**RECORDED DATA:**
▼
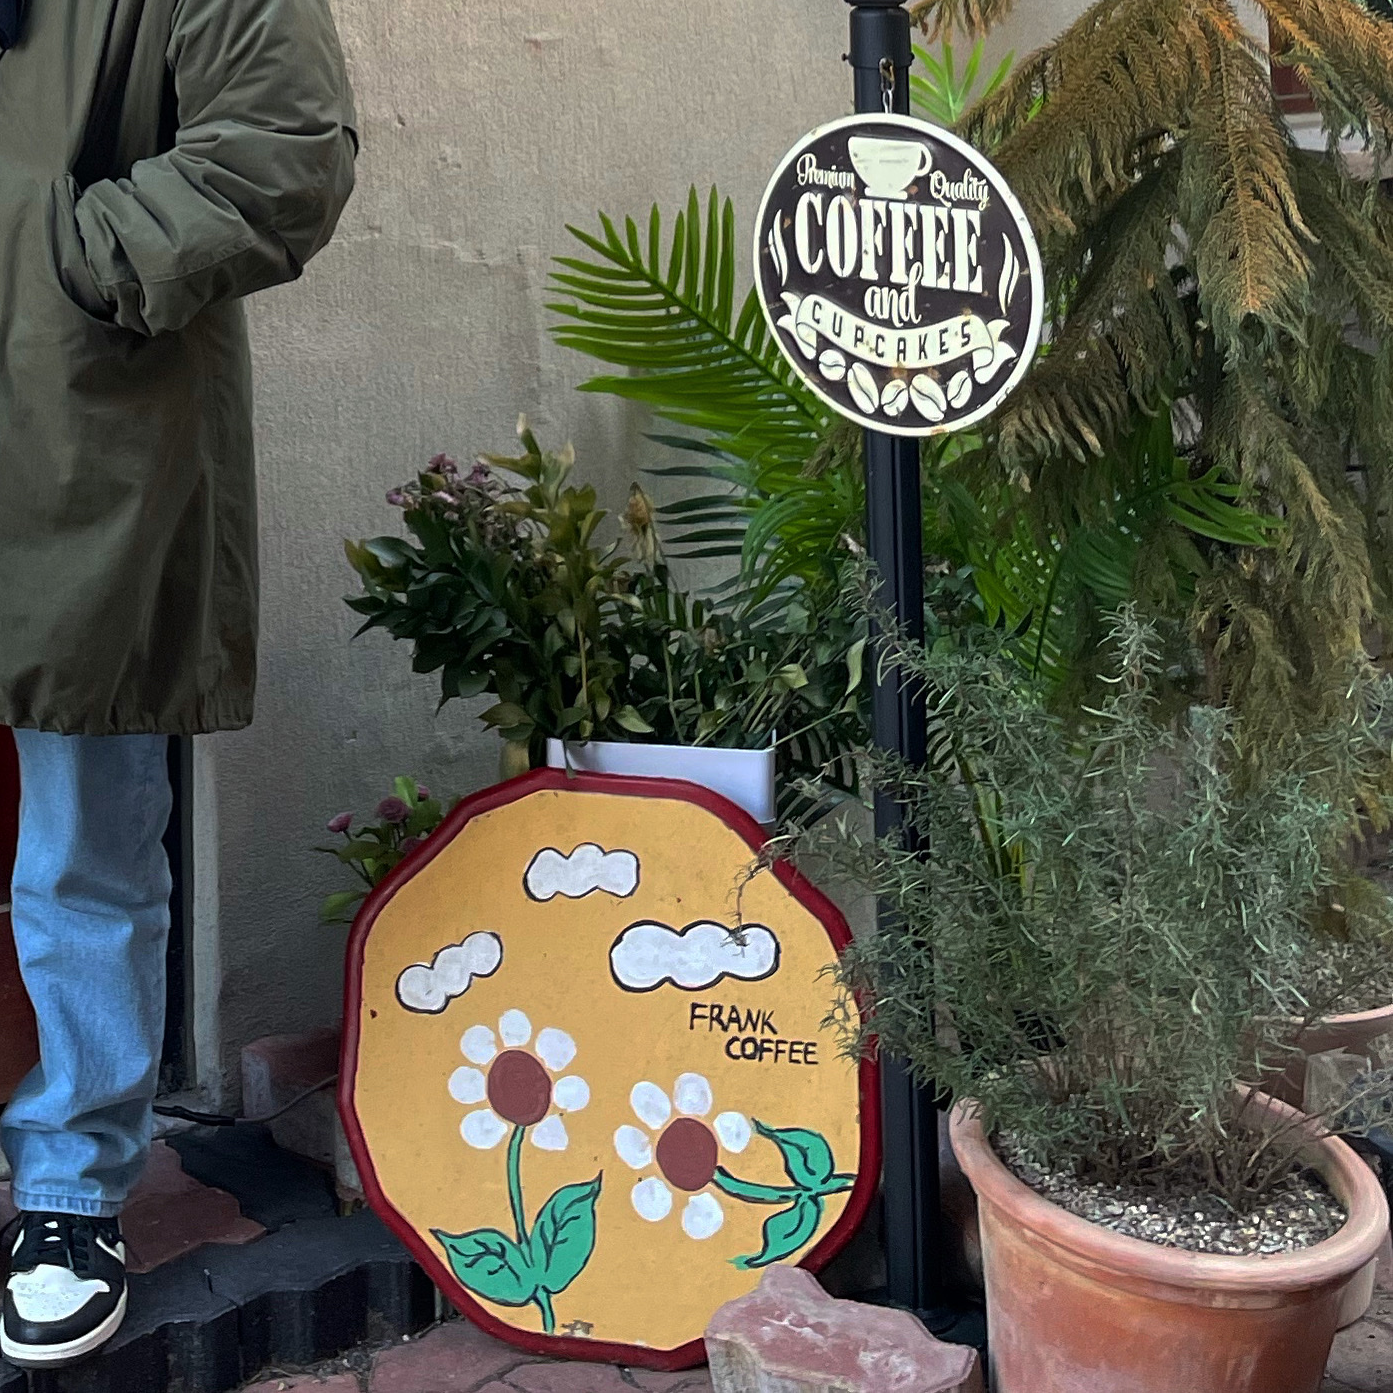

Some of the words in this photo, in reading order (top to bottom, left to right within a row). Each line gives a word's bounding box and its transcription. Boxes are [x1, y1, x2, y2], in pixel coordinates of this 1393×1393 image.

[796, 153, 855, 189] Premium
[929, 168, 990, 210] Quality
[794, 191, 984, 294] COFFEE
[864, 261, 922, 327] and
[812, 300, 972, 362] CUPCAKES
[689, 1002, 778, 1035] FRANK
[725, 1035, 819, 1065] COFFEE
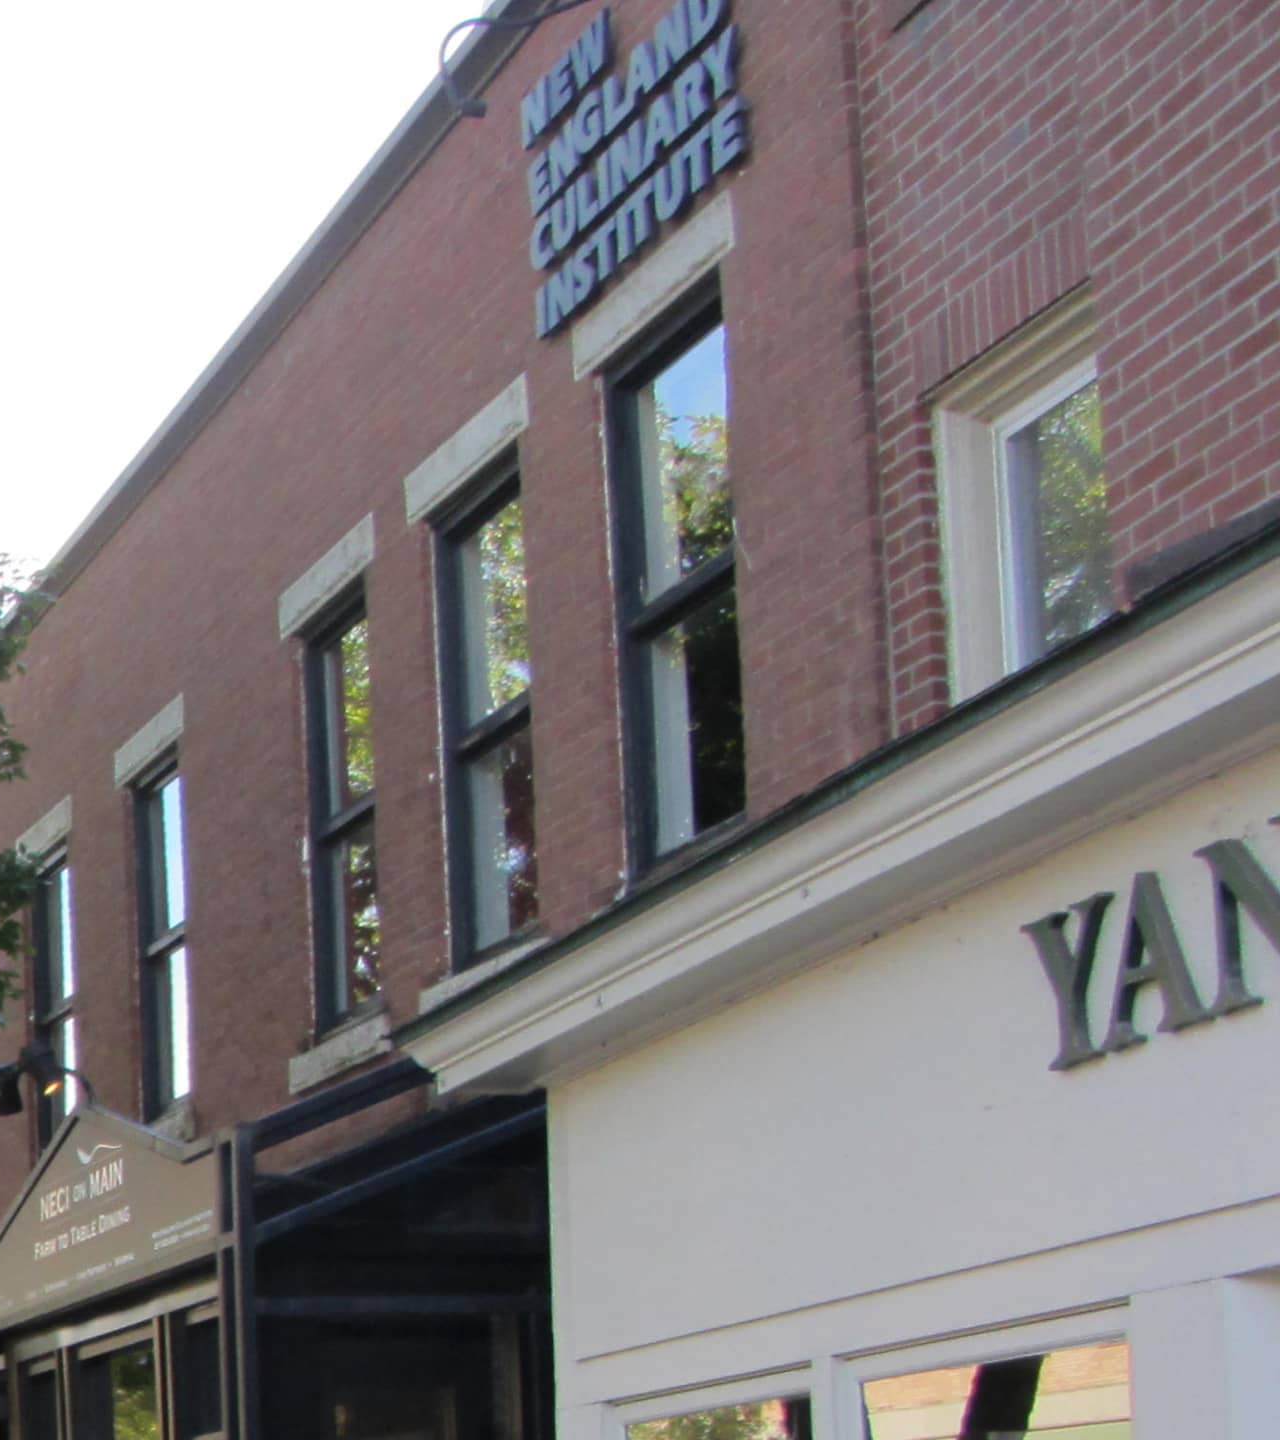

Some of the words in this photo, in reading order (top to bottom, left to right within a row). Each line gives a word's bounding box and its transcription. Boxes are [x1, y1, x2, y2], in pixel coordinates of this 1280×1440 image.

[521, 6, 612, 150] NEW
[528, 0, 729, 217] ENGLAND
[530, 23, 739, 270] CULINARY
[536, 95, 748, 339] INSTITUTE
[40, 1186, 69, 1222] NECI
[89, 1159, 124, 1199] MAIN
▲
**WORK TASK:** The listing above should be transcribed word for word, with its pictures left out.

**YOUR SOLUTION:**
Some of the words in this photo, in reading order (top to bottom, left to right within a row). Each line gives a word's bounding box and its transcription. Boxes are [x1, y1, x2, y2], in pixel coordinates of this 1393×1393 image.

[796, 153, 855, 189] Premium
[929, 168, 990, 210] Quality
[794, 191, 984, 294] COFFEE
[864, 261, 922, 327] and
[812, 300, 972, 362] CUPCAKES
[689, 1002, 778, 1035] FRANK
[725, 1035, 819, 1065] COFFEE

Some of the words in this photo, in reading order (top to bottom, left to right within a row). Each line gives a word's bounding box and its transcription. Boxes are [x1, y1, x2, y2], in pixel coordinates of this 1280×1440 image.

[521, 6, 612, 150] NEW
[528, 0, 729, 217] ENGLAND
[530, 23, 739, 270] CULINARY
[536, 95, 748, 339] INSTITUTE
[40, 1186, 69, 1222] NECI
[89, 1159, 124, 1199] MAIN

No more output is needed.